1984 – Reagan bests challenger Walter Mondale. With the economy riding high, Reagan won over many independents and “Reagan Democrats” to win a record 525 electoral votes.
1988 – George H.W. Bush tops challenger Michael Dukakis. Riding off Reagan’s coat tails, a strong economy and thanks to some questionable Dukakis campaign tactics, Bush Sr. won the popular vote by nearly 8 points.
1992 – Bush falls to challenger Bill Clinton. Bush’s popularity was sagging in 1992 as the economy lagged. Common belief is Ross Perot’s independent run cost Bush the election but polling indicates the opposite may have been true.
2000 – George W. Bush narrowly edges VP Al Gore. The 2000 election may be the only one to buck this trend and may prove to be the exception that makes the rule. The overall economy still was on solid footing in 2000, and despite the scandals surrounding Clinton’s second term, he still had approval ratings that hovered in the high-50s and low-60s through 1999 and 2000.
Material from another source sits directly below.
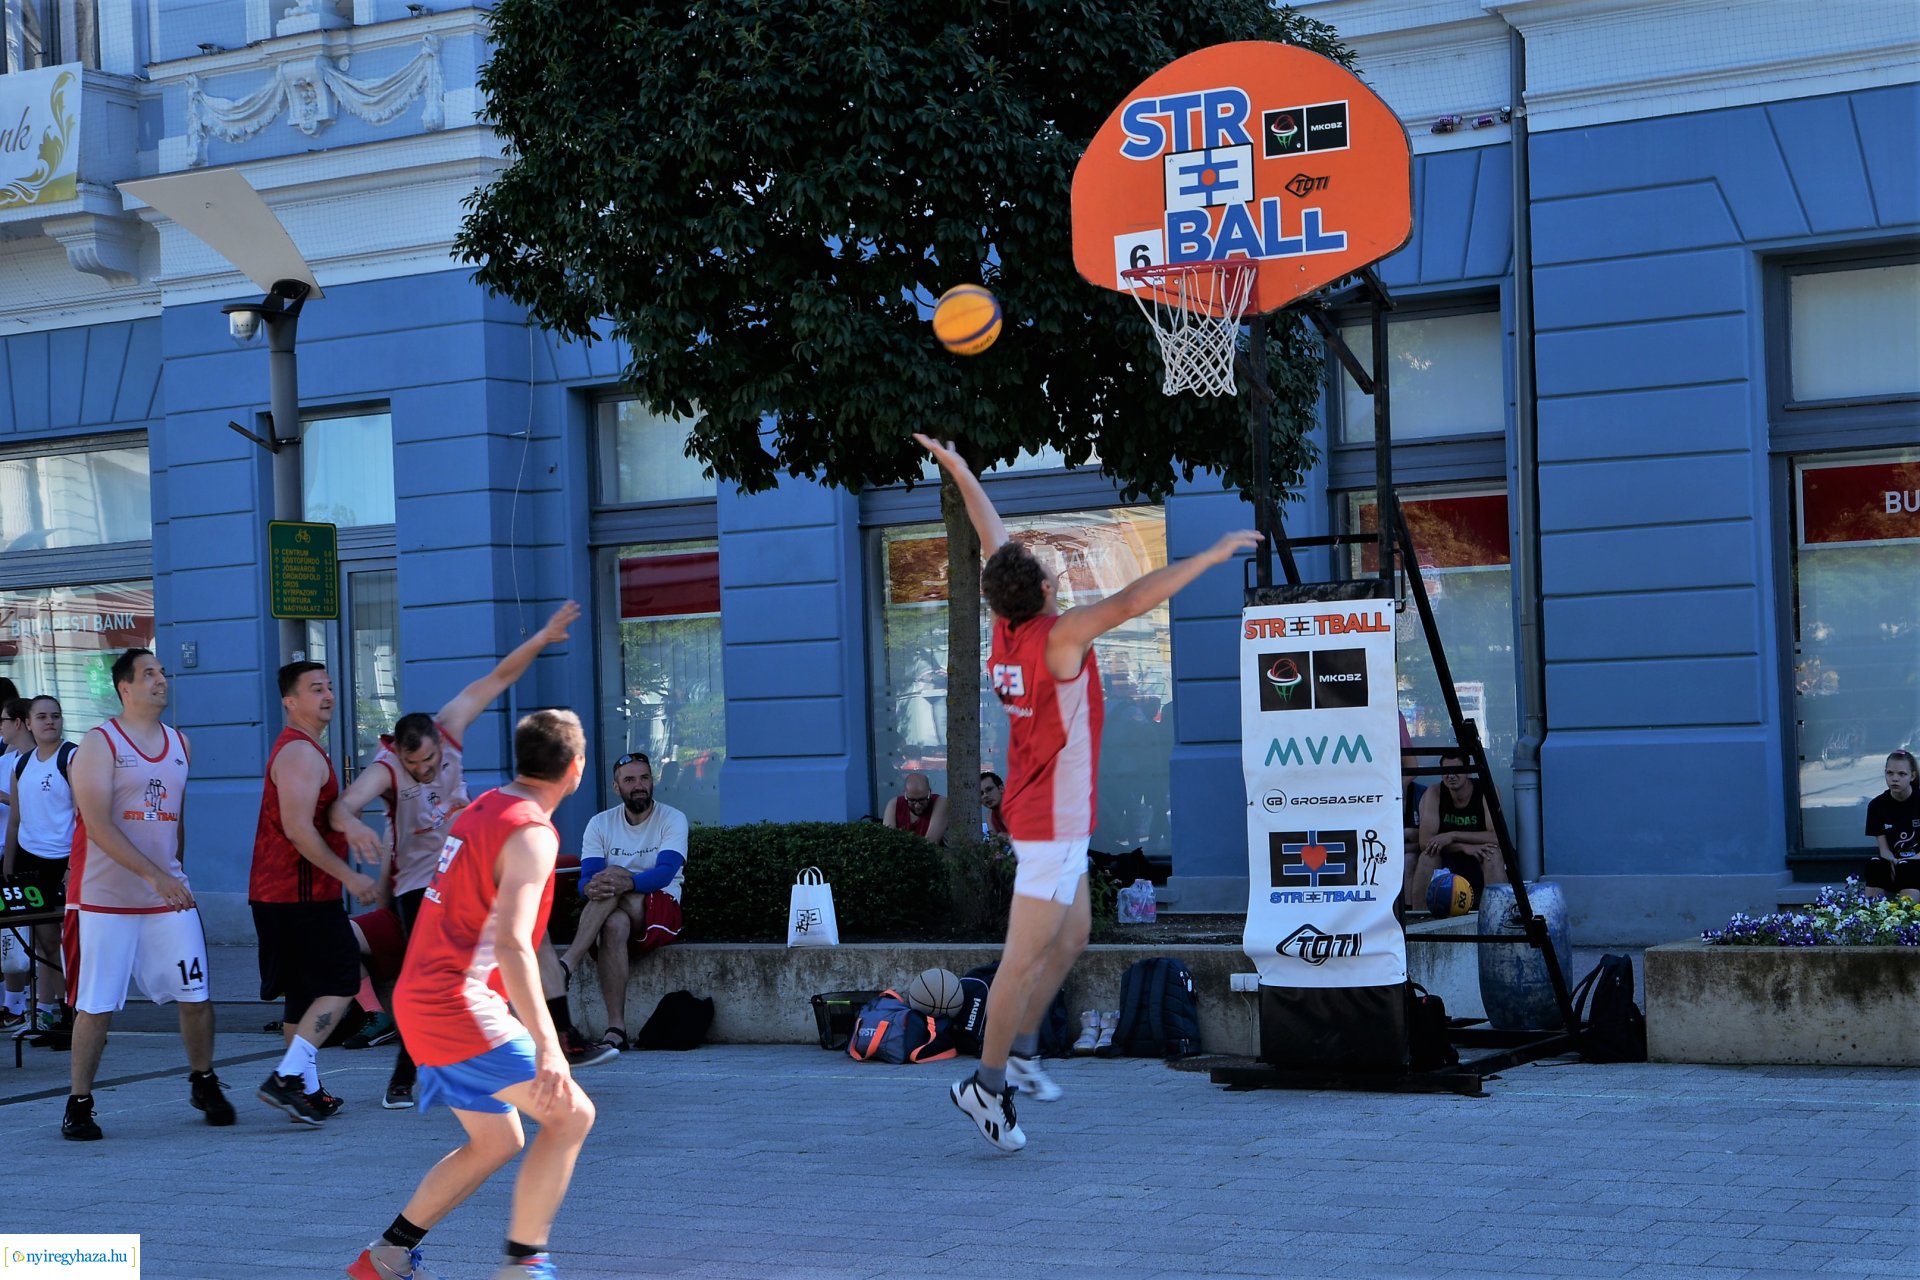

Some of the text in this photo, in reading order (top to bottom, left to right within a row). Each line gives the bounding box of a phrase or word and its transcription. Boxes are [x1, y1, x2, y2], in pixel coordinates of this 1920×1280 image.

2004 – Incumbent Bush beats challenger John Kerry. Bush’s approval ratings already are on its downslope from its spike following the 9/11 attacks but are still hovering around 50 percent for most of 2004. The economy, though not performing as well as China and other emerging countries, is still holding together. If Kerry could have flipped Florida or Ohio, he would have won the election. Bush won Florida by five points and Ohio by two.
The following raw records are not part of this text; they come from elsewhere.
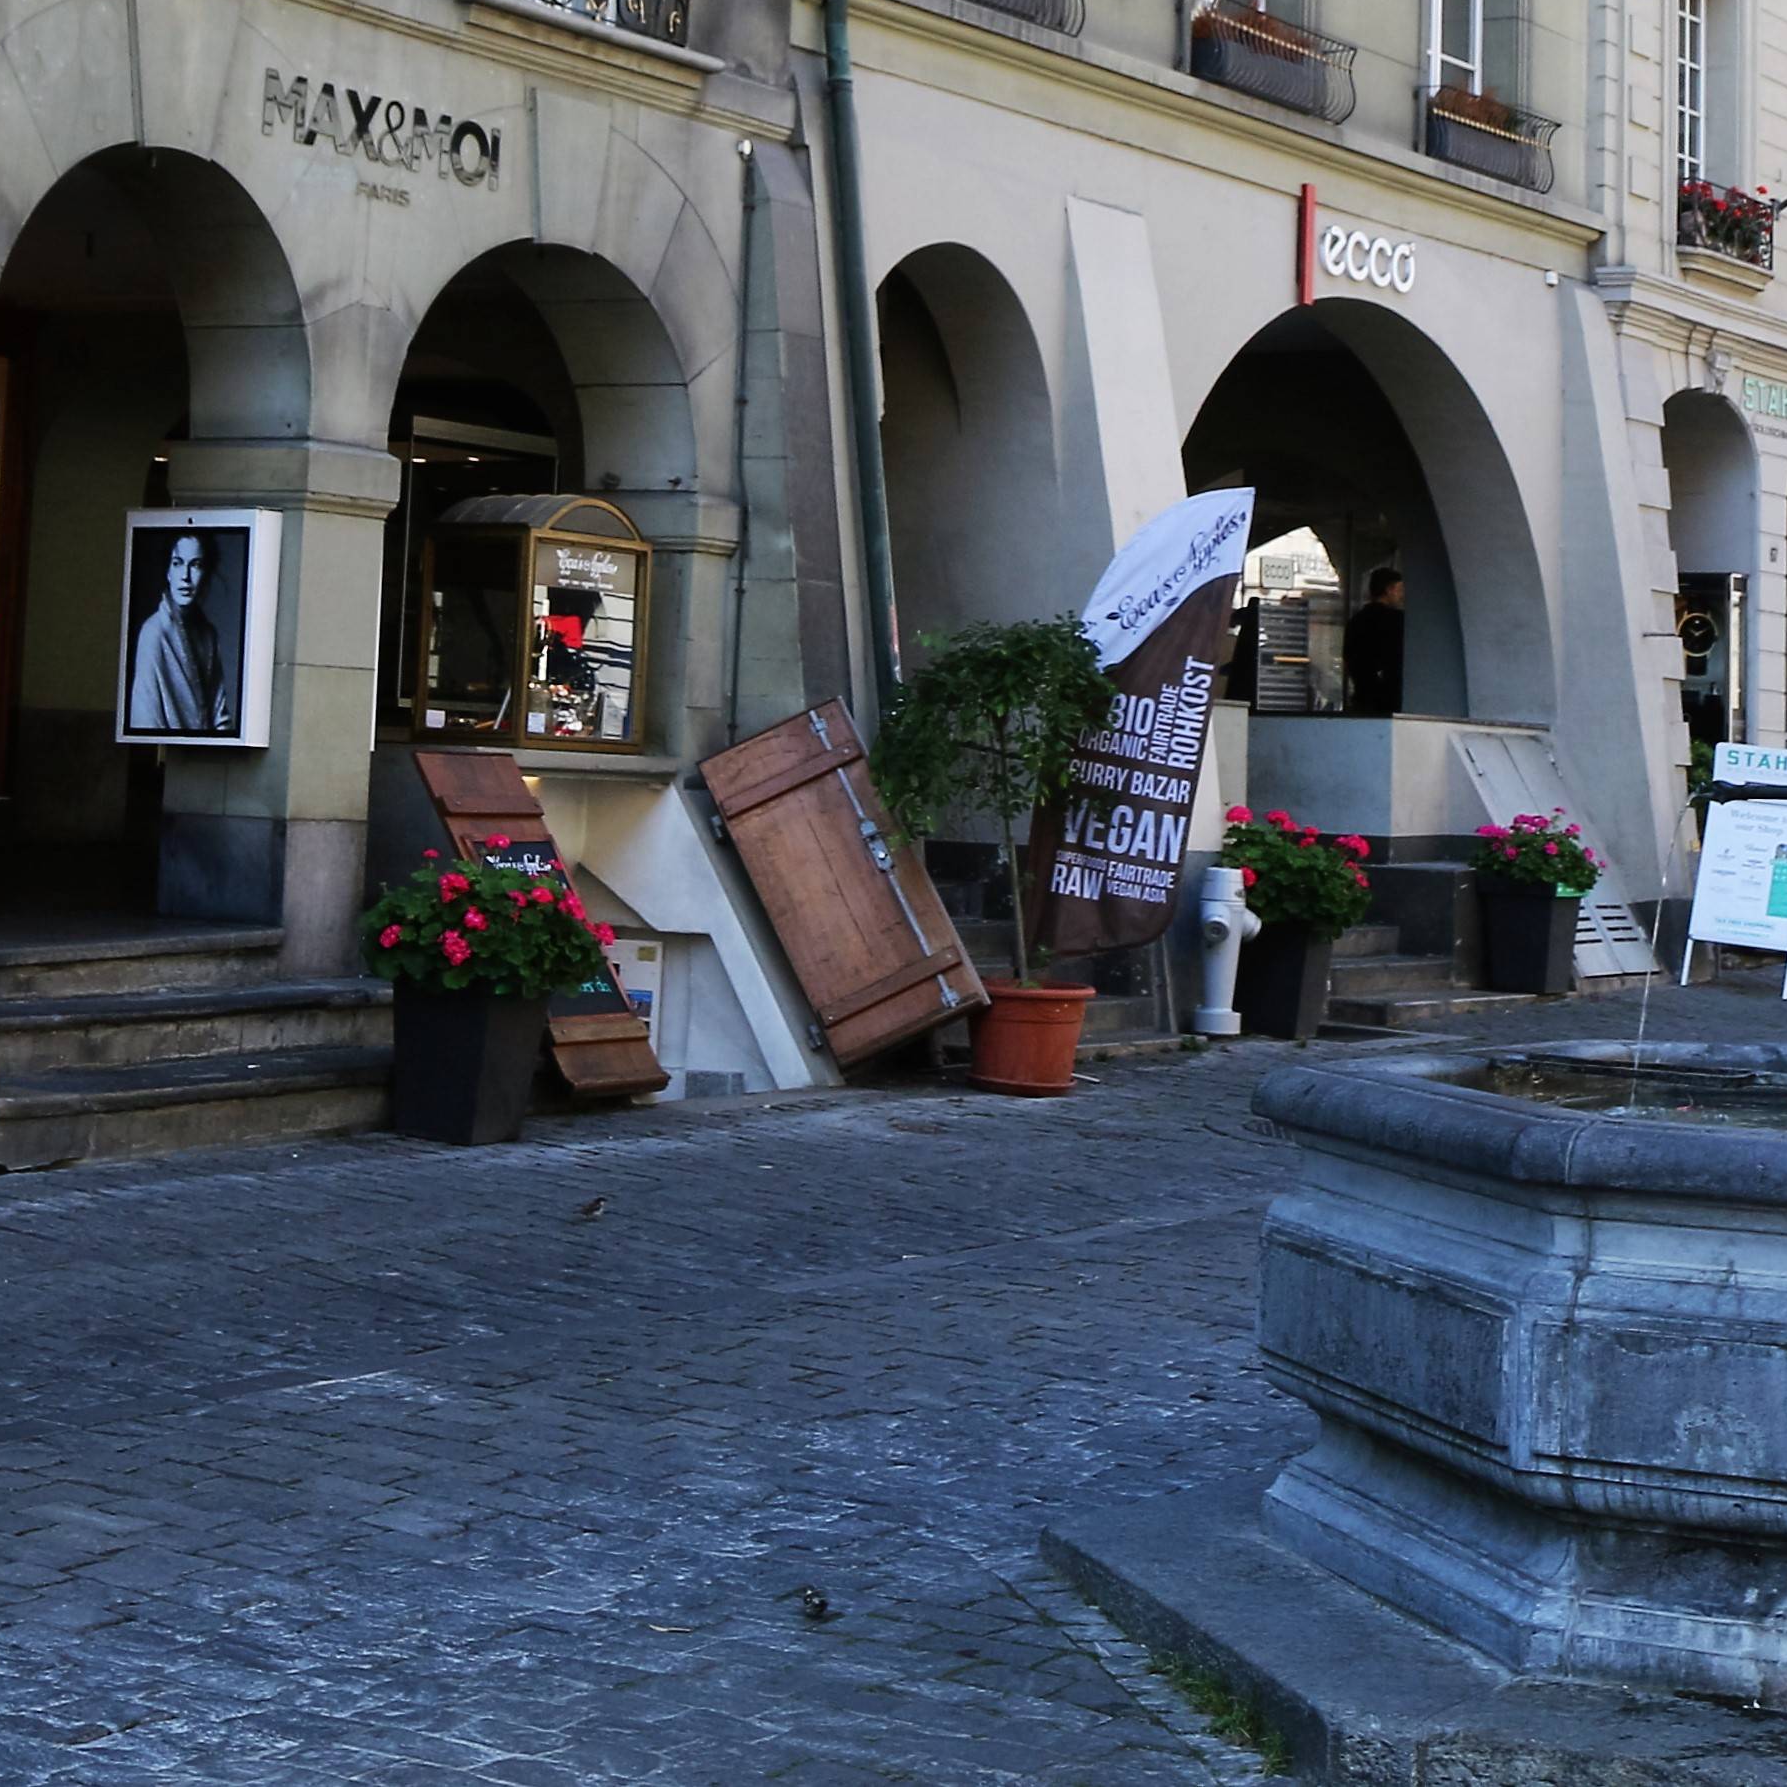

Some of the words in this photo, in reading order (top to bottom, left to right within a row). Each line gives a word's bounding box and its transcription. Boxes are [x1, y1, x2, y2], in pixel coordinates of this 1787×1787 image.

[261, 67, 502, 193] MAX&MOI
[356, 181, 411, 208] PARIS
[1320, 224, 1416, 293] ecco
[1147, 683, 1180, 765] FAIRTRADE
[1167, 655, 1215, 770] ROHKOST
[1078, 725, 1149, 762] ORGANIC
[1130, 771, 1191, 805] BAZAR
[1063, 796, 1187, 864] VEGAN
[1050, 862, 1105, 901] RAW
[1106, 878, 1143, 901] VEGAN
[1142, 882, 1167, 904] ASIA
[1107, 860, 1176, 890] FAIRTRADE
2012 – Obama defeats challenger Mitt Romney. The economy in 2012 took a bit of a dip, but the recovery efforts in his first term were enough to keep Obama afloat. Despite partisan infighting, his approval ratings hovered around 50 percent, a stark improvement from Bush’s ratings in 2008.
What voter trends are emerging as key determining factors?
The candidates themselves always will play a major role in determining an election, but the past 20 years of evolving partisan politics have drawn clear lines on where parties stand on many issues.
Are you a white male member of the Mormon Church? You’re very likely to vote Republican. (This election, however, may be an outlier.) Are you a black woman over the age of 70? You’re very likely to vote Democrat.
White voters with a college degree appear to be shifting back toward the middle from the GOP. But in 2016, those without a college degree are moving further right. How much does Trump factor into those numbers? We will find out in the coming elections.
All demographics aside, nothing illuminates the party differences like race. Non-Hispanic Caucasians are much more likely to vote Republican, while blacks are much more likely to vote Democrat. One notable statistic that should be a cause for concern for Republicans is the expanding minority vote. With each cycle, approximately 500,000 Latinos join the voting rolls. Traditionally, Hispanics have voted with Democrats. Those numbers were heading closer to the middle under George W. Bush, but are quickly swinging back to the left under Obama. Polling for the 2016 election favors that move to continue further toward Democrats.